What to produce: Every record below is to be retyped exactly, with the pictures left out.

(Phrase grounding data)
* * * * * * * * *

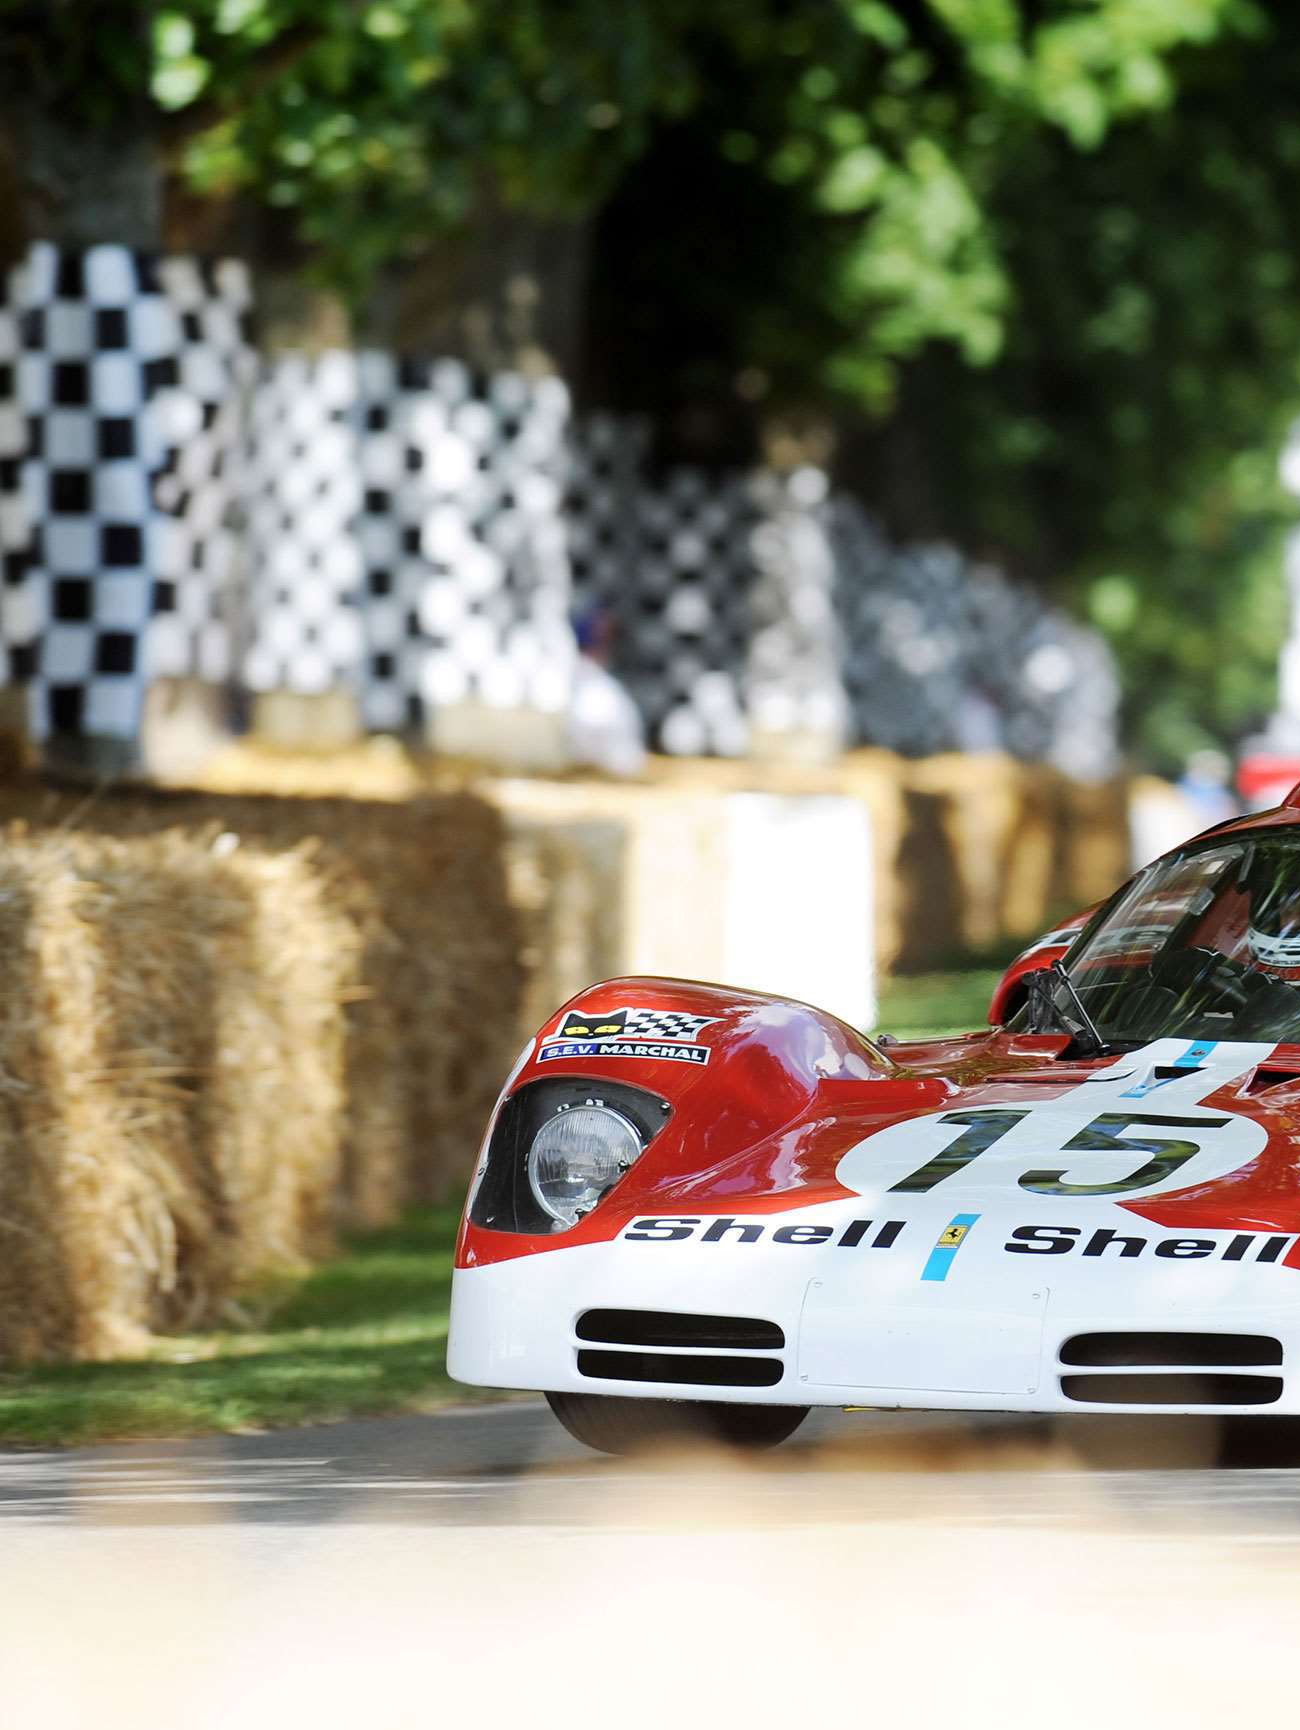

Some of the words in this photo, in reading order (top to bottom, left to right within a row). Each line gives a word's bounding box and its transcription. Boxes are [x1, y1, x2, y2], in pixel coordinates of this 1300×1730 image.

[546, 1044, 594, 1057] S.E.V.
[599, 1044, 703, 1061] MARCHAL
[886, 1109, 1234, 1197] 15
[624, 1218, 907, 1249] Shell
[1003, 1225, 1292, 1263] Shell
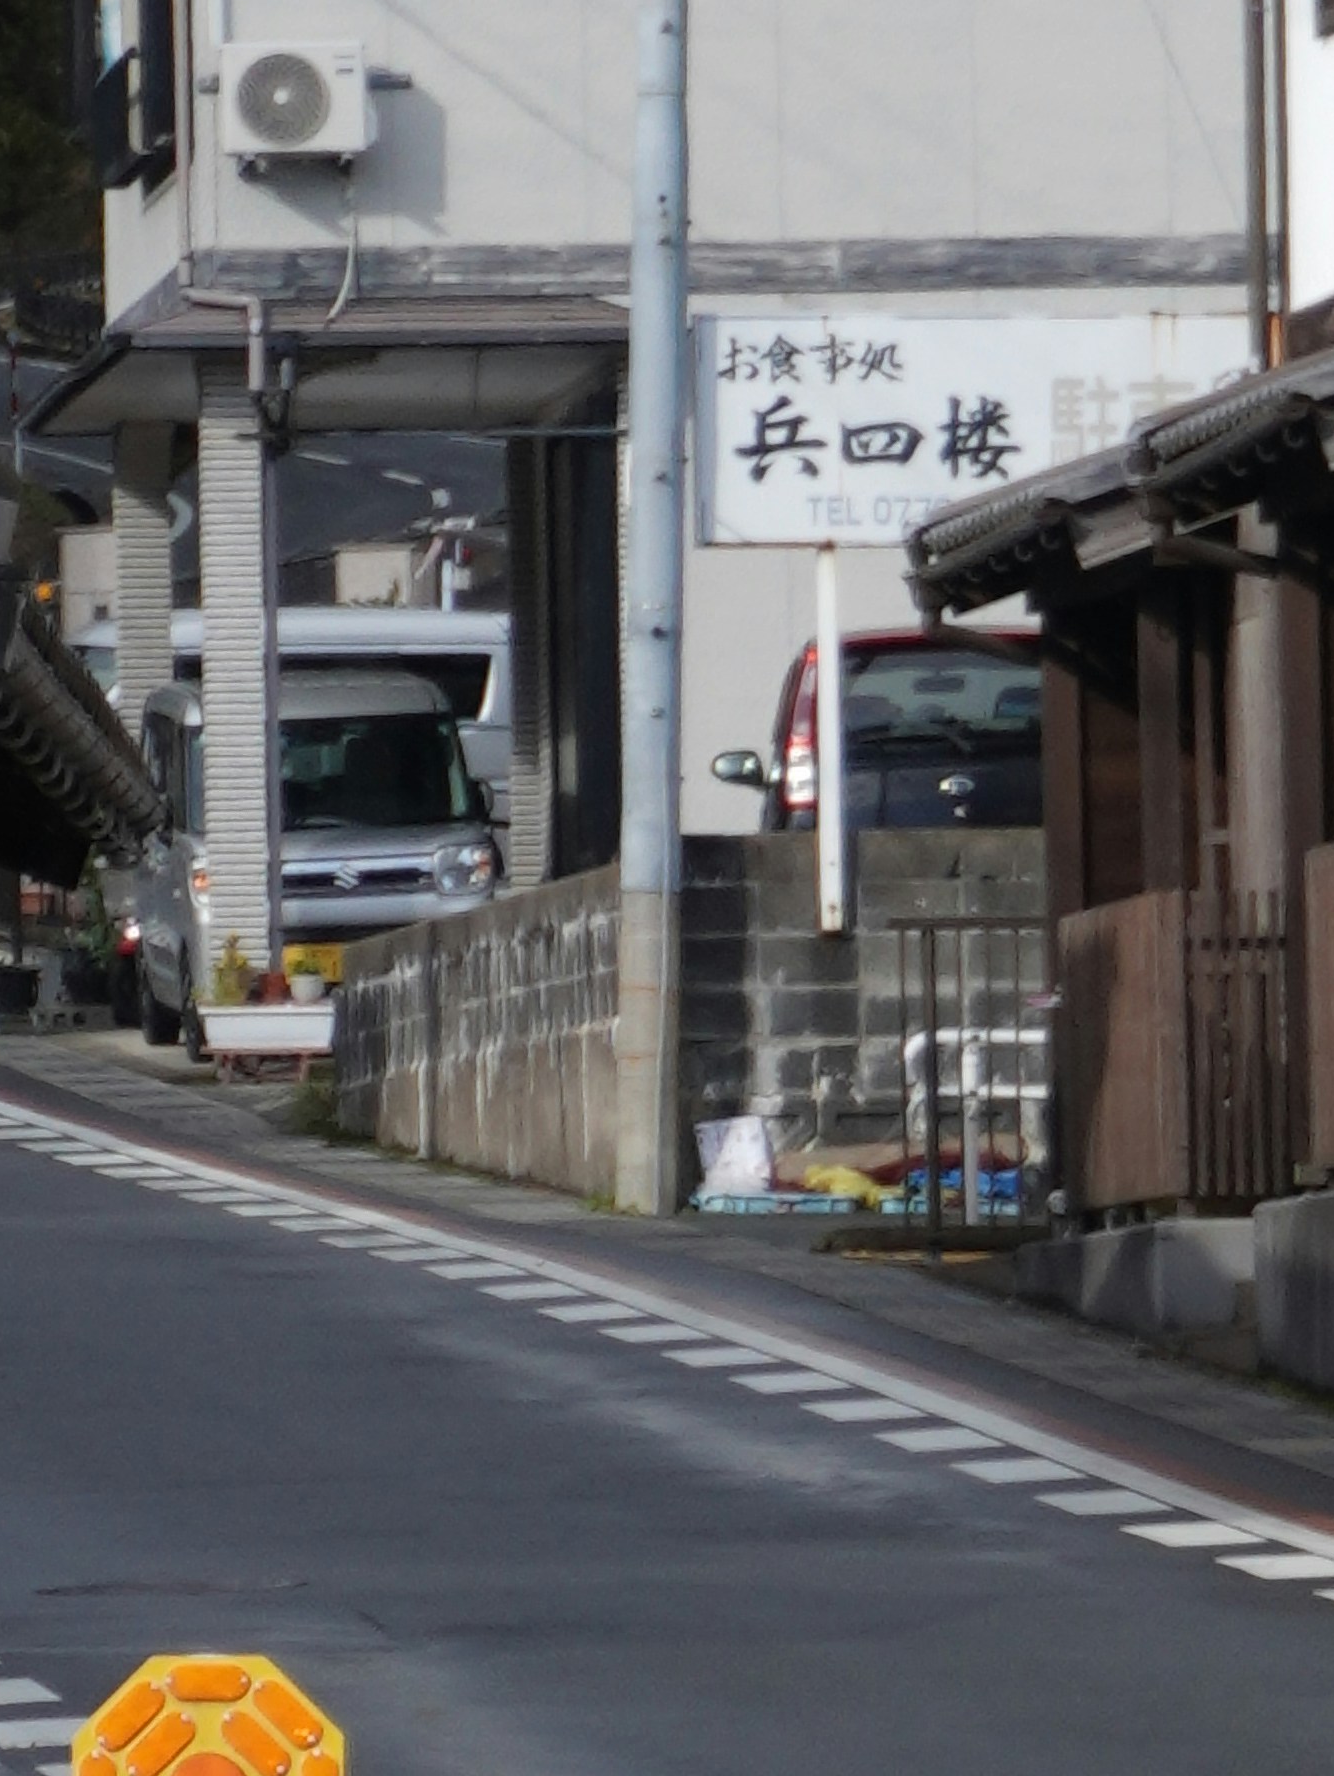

* * * * * * * * *

Result of the exercise:
Some of the words in this photo, in reading order (top to bottom, left to right within a row). Each line gives a word's bounding box and its transcription. Boxes are [x1, y1, x2, y2], in pixel coordinates of this 1300×1730 image.

[546, 1044, 594, 1057] S.E.V.
[599, 1044, 703, 1061] MARCHAL
[886, 1109, 1234, 1197] 15
[624, 1218, 907, 1249] Shell
[1003, 1225, 1292, 1263] Shell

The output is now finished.